I love the single speed... I ride it at least once a week - twice this week. It's not just a novelty that I dust off a couple times a year... I can't explain it to my club mates - you guys get it - but, I think I like riding the SS more than my "other" bike. 

My other bike is the typical carbon multi-speed and weighs in around 16 pounds, and of course, it's very stiff, very quick. 

My single speed is around 19 pounds... and, not so stiff. The Stage was a touring bike (it had a triple) and I suspect the frame was designed with long 15mph rides with panniers and pretty views... not 60 miles at 23 mph, in rotating pace lines, battling for county sprint lines. 

So, after Saturday's big group ride (sprints, attacks, breaks, gaps... all the typical fun of a group ride), I starting thinking... Should I build a "modern" single speed, e.g. carbon frameset, light/stiff wheels (my SS has Aksiums), better components, etc?

The "bike vs. rider" discussion has been beaten to death - we know it's the rider, the engine, the legs, the lungs... But. But, I still wonder... I mean, I know playing at the front of the Saturday ride on a single speed makes it harder, but is doing it on a soft, squishy, heavy (ish) making it any, significantly, noticeably harder?

(or am I a typical cyclist trying to justify the N+1 mantra?)


----------



## dwt (Apr 2, 2002)

A light frame to power uphill in a high SS gear would be great. 
Do it


----------



## RRRoubaix (Aug 27, 2008)

For sure, it's the rider.
But. It is also the bike. This year I really splurged on a high-end MTB and am now much faster than before and able to keep up w/ my friends, when I didn't used to be able to. It's not my fitness, it's two things- lighter bike and wheels and better skills. I know the skills are a big part of it, but I am absolutely certain that the new bike is helping.


----------



## UrbanPrimitive (Jun 14, 2009)

I think we're dodging the real question here.

Would you enjoy riding a newer, lighter, fancier single speed bike more than your current one? Is your love of riding single speed because it's a single speed alone, or is part of the appeal because it's _that_ bike?

If you'd have fun building up a new one, would enjoy riding the new one just as much or more than your current one, then knock yourself out. When you come to, go ahead and build the new bike.

On the other hand, you may find yourself with a nice carbon single speed that collects dust because it just doesn't feel the same as your trusty old Klein. There are plenty of people who have built up a new bike because, on some level, they felt like they _should_ want the fancy new whiz-bang-ama-jig or they _should_ care more about the bike's performance than they actually do.

So I'd say there are two scenarios that justify building up a new bike in this instance:

1) You're honestly dissatisfied with the performance of your current bike.
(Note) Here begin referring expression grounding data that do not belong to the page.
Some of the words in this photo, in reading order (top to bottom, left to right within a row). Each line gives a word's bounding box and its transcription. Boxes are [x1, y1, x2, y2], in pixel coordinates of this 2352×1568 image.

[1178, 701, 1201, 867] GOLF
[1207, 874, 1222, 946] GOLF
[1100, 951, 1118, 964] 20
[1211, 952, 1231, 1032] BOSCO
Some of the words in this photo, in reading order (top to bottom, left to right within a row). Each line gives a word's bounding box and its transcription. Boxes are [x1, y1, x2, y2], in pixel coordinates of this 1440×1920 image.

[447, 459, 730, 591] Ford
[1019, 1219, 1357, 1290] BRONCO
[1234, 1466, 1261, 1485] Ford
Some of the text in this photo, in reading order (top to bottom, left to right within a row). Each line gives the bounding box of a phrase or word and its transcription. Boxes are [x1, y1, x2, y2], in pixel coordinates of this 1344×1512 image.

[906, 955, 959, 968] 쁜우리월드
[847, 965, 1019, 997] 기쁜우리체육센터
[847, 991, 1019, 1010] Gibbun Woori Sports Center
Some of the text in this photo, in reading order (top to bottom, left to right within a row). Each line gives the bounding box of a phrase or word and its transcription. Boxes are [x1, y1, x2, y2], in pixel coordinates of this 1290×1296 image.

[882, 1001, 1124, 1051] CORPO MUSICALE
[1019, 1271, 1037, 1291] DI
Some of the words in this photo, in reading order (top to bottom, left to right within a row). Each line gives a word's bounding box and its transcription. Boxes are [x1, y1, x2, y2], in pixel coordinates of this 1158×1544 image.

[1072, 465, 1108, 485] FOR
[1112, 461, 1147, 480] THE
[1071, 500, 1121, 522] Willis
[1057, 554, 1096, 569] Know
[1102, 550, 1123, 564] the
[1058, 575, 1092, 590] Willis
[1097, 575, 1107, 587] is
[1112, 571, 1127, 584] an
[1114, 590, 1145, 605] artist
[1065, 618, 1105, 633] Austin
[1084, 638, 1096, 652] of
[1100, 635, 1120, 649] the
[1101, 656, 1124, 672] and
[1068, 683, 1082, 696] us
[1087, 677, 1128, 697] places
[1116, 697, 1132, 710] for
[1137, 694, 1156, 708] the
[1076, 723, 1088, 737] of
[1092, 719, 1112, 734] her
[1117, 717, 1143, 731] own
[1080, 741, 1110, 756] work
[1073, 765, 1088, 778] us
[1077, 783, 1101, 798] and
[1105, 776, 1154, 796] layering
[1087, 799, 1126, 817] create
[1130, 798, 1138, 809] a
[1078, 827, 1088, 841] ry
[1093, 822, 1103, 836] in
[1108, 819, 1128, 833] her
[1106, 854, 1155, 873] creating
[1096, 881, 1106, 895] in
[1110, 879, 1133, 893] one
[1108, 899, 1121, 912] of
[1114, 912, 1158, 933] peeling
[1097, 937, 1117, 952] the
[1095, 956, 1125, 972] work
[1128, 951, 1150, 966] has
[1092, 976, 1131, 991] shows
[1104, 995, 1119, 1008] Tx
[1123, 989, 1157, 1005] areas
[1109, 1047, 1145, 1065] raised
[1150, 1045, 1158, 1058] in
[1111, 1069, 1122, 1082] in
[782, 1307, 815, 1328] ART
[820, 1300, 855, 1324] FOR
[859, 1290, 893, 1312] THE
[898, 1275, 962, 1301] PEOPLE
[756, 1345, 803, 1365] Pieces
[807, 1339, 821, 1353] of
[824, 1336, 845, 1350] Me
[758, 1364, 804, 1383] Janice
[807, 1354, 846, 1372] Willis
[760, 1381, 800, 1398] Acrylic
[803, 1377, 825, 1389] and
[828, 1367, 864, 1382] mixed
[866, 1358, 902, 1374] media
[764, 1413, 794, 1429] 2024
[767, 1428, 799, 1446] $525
2) You want the fun of building a new bike.

If neither of these describe your motivation, I'd suggest saving the money and enjoying some really fancy meals or a blinging up your old trusty Klein instead. There's nothing wrong with being satisfied with what you have.


----------



## fatnold (Jul 11, 2009)

I know what you're saying. I love riding fixed in the Saturday morning bunch. Would love something a little more refined than my Soma Rush but it is hard to find high end frames with track drop outs and highish bottom bracket. Been thinking a racey carbon road frame with BB30 and an eccentric bottom bracket adapter might be the answer.


----------



## OldZaskar (Jul 1, 2009)

UrbanPrimitiv and fatnold - I think it's a bit of both... I really do like the old Klein, the classic look, that paint... that paint. And what cyclist doesn't get excited about planning out and building a new bike. But (as fatnold is experiencing too), hanging with a bunch of "A-Group" roadies on a fast ride - on a flexy, heavy bike can be tough - assuming matched or close fitness levels.

Going back and forth from my other bike - Scott Addict SL (carbon), Ultegra and Dura-Ace, etc., the best way I can describe the ride of the Klein is: imagine if the roads were paved by Serta - where every pedal stroke is absorbed or "cushioned" - particularly when standing. Oh, it's comfy... just not so efficient. 

Maybe the thing to do is put my other wheels on the Klein - Ksyriums - and see how much of the side-to-side flex goes away (the Aksiums kiss the brake pads on each standing pedal stroke). And, if that shows significant improvement, maybe a carbon fork - to eliminate that curved touring fork - to limit the visible (!) elongating of the wheelbase with each standing pedal stroke.


----------



## Gregory Taylor (Mar 29, 2002)

Hmmm....Klein's aren't known to be squishy. Or noodly. While the stiffness could vary based on model (and tubing choice), most Kleins were known for being fairly stiff. 

And, no, it is not a touring bike. The chain stays are way too short for that. The Stage was designed as a basic road/sport bike...with a triple. The Quantums were the serious race bikes.

By the way, how much do you weigh?

If the rear wheel is tagging the brake pads, take a look at the wheels. Is all of this happening when you stand and really honk on the pedals? I won't say that "it comes with the territory" when riding fixed or single speed, but you do end up in situations where you are wildly overgeared and transmit a lot of twist/torque through the bars and pedals, way more than if you were properly geared.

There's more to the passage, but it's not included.